Empowering Women through Art

Our own Morning Dew host, Sage Tanguay, and Dorothy Stephenson of Sundance Studio in Monterey, Virginia have developed an eight-week program to empower women by using the arts to help liberate them from their emotional shackles. I met up with Dorothy recently and I asked her where the idea for this program came from.


This was one of those “wouldn’t be cool to have a course that allowed women to empower themselves, gain more self-confidence, gain more self-awareness through the arts,” because Sage and I have both had our times where being performing artists or literary artists say any kind of arts, has really helped us.  Sage and I are performing artists, but we do have experience with writing, different kinds of writing, whether it be poetry or informational writing or things like that. So we’re going to try to use any method as far as arts that we can.  Or, even individual methods. If somebody is really drawn to photography, we may incorporate that.  But it’s all taking art and how art can help you and be so therapeutic and just rolling it together so that people can process whatever emotion or whatever problem they have.

For me personally, it was mostly with anxiety and depression. So just having the art to funnel emotion, funnel aggression, funnel depression, process it, have it as, almost like, not only an outlet, but also camaraderie.
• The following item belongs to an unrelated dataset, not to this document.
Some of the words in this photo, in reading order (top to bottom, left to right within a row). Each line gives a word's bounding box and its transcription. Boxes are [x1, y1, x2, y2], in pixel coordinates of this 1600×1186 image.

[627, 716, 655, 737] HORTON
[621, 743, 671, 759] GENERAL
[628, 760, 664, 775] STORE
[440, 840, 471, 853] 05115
So kind of all those things involved, we kind of put it together and said, this has really helped us, let’s try to use it to help other women.  Even though people don’t want to talk about it, anxiety and depression is a huge issue. Some people are perfectly fine talking about it, other people are not so much. But if they’re not comfortable talking about it, if we can show them a way that they can use art to process their emotions, find out more about the root of why they’re feeling that way, and then use art, then they can start to delve a little deeper and find the root of the issue, find out why they feel that way, and then process how they want to feel in the future.
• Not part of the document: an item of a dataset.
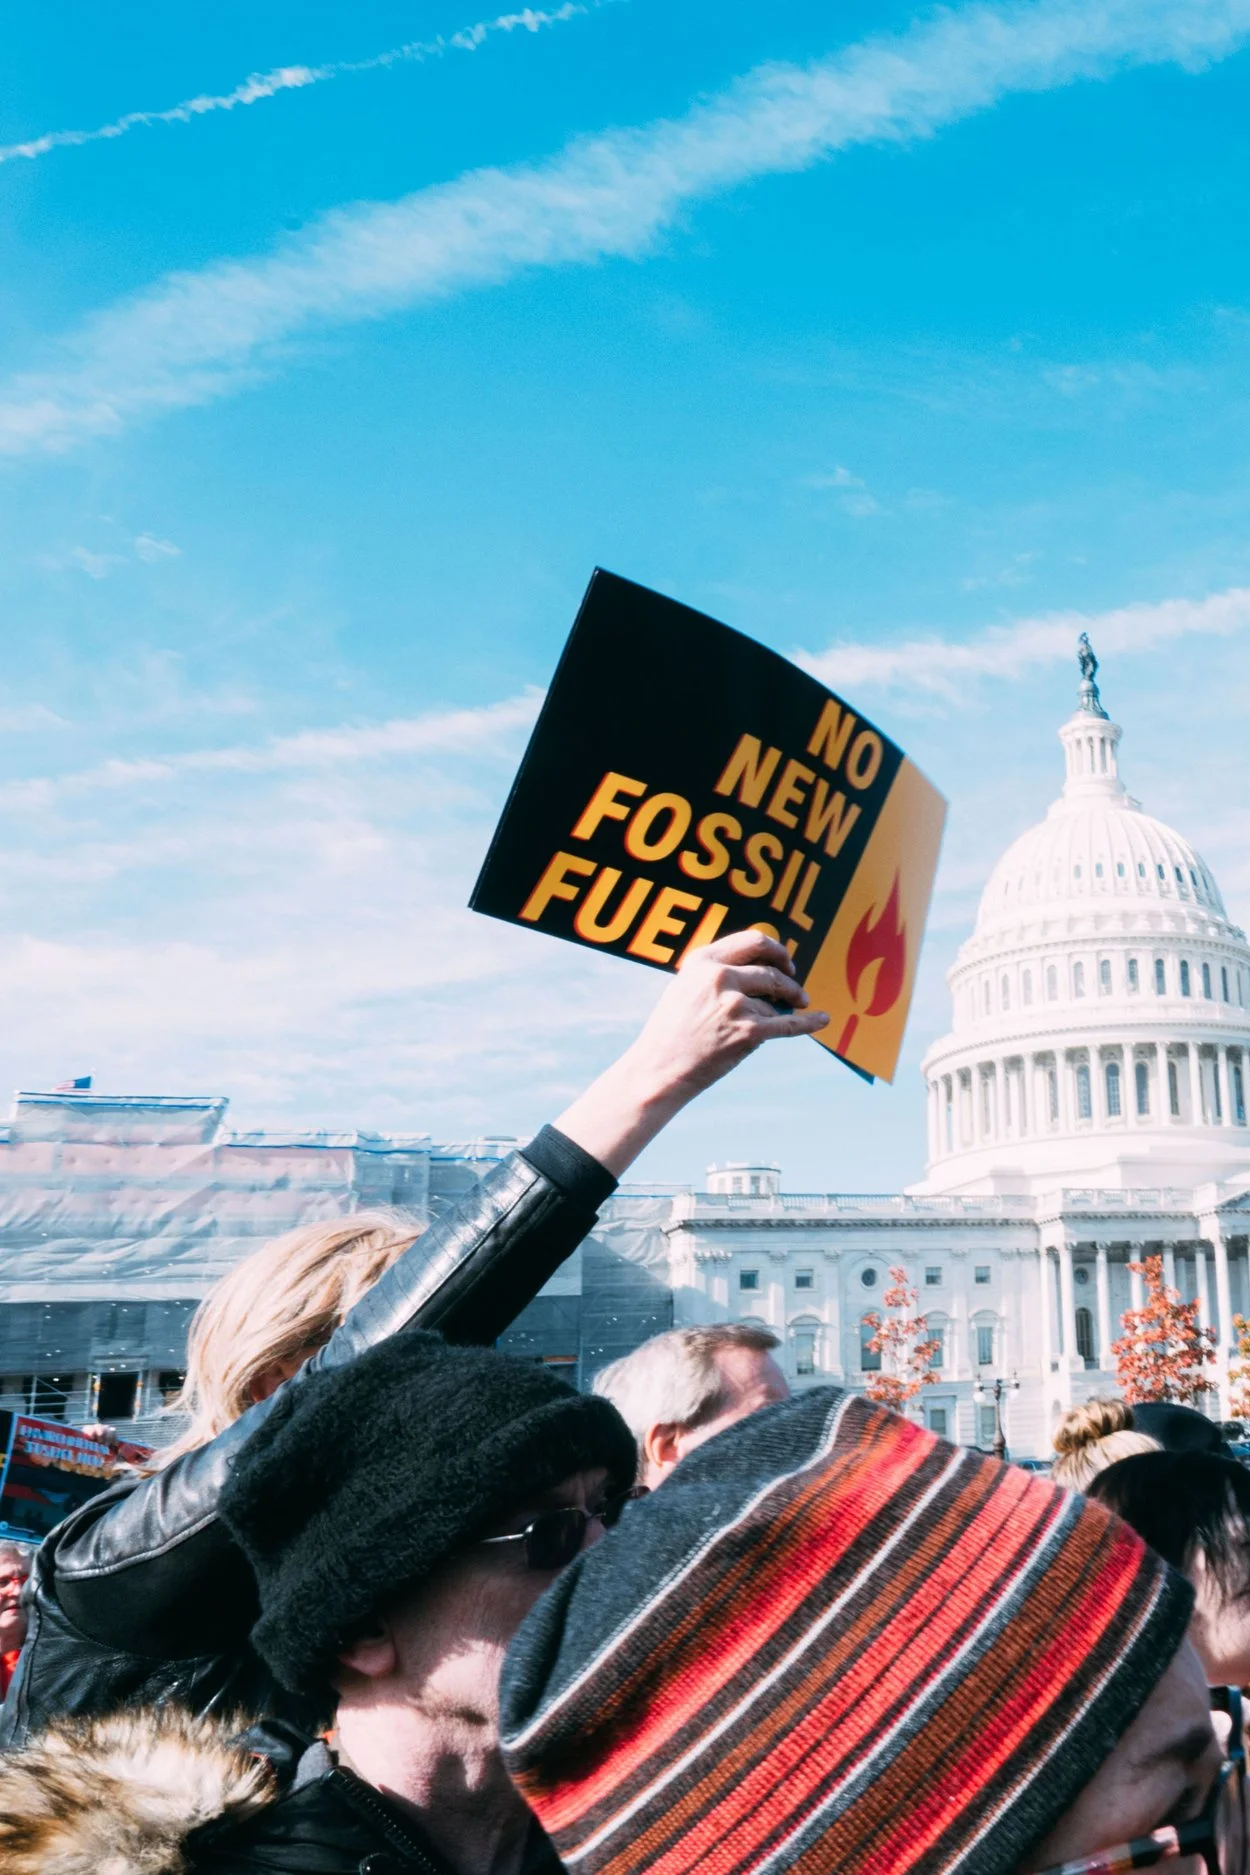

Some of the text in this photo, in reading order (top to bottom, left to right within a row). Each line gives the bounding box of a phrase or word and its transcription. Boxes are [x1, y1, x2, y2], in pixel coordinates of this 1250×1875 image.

[713, 733, 862, 858] NEW
[807, 698, 883, 790] NO
[570, 771, 821, 932] FOSSIL
What’s the connection between movement and processing emotions?


Physically moving your body to that emotion is so therapeutic. Like if you’re mad, and you’ve got a punching bag in front of you, you punch it, you feel better.  If you’re sad, and you move, it’s therapeutic enough to somehow work it out.  It’s like sweating that emotion out of your body. It helps you process.  At the very least, it’s liberating because you’re able to execute something for that emotion. When you’re depressed and you’re driving down the road and you hear that song that just nails what you’re feeling, when you are able to put movement to that musical emotion, it is very liberating. It allows you to take physical control of your emotion and it’s healing. It’s therapeutic. There’s something to it.
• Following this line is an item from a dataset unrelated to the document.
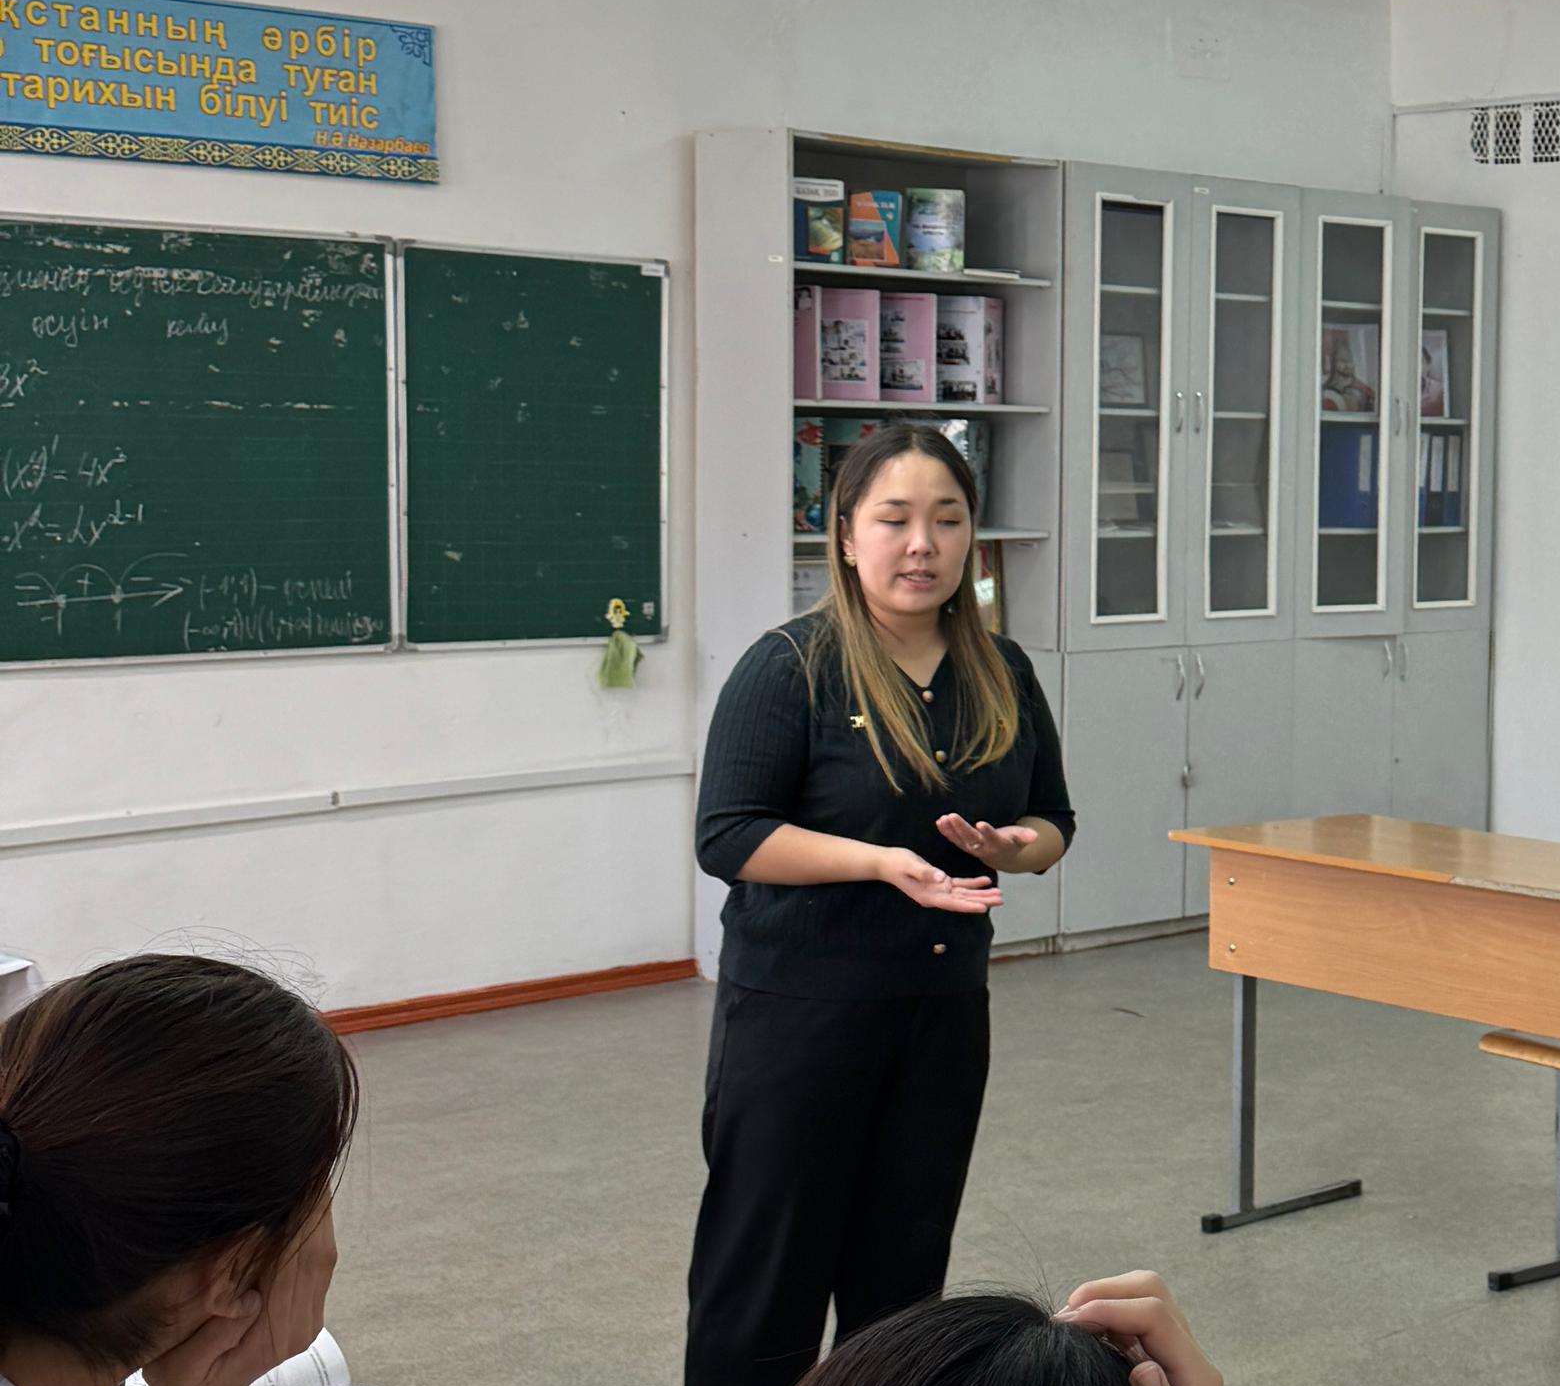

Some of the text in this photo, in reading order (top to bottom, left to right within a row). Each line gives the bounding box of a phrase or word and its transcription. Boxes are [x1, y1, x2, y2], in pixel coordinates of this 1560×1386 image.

[33, 38, 257, 86] тоғысында
[283, 64, 378, 97] туған
[262, 25, 377, 67] әрбір
[0, 72, 380, 130] тарихын білуі тиіс
Where does the concept of liberation fit into the program?


It’s so hard for some people to do so hard for some people to let other people in on their emotions. But when once you do it is strengthening, liberating, and you get to the point where you don’t care anymore. You don’t care if somebody doesn’t like the way you feel.  That’s the way you feel and to let it out and to experience your emotion in front of other people in a way that may not make you feel comfortable at first, you eventually get to be comfortable with it. As a result, you get to be more comfortable with yourself and your own emotions and you get to you, you run your emotions and your emotions don’t run you.


How can listeners get more information about the program?


Any ladies who are wanting to give this a try, who want more information about the class, a class description, outline of the course, fees, anything like that, can visit our website, www.SundanceStudio.net and classes will take place at the studio on Meadowdale Road in Meadowdale, Route 640.


This is Mickey Frank Thomas for Allegheny Mountain Radio.

Story By


Mickey Frank Thomas

Mickey Frank began his radio career in October 2017 when he was offered the impossible-to-fill 9:00 p.m. to midnight slot on Saturdays, where his coordinated mix of pop, soft rock and R&B from the 60s through the 80s met with little acclaim. Deciding that he needed a more awake audience, he added the 3:00 to 6:00 p.m. afternoon drive slot to his workload when it became available in December 2018. Originally from Morton, Illinois, good, old Mickey Frank has lived in more places than he can count on his fingers and toes, but now resides in Highland County.  Email Mickey Frank at  mickeyfrank@amrmail.org.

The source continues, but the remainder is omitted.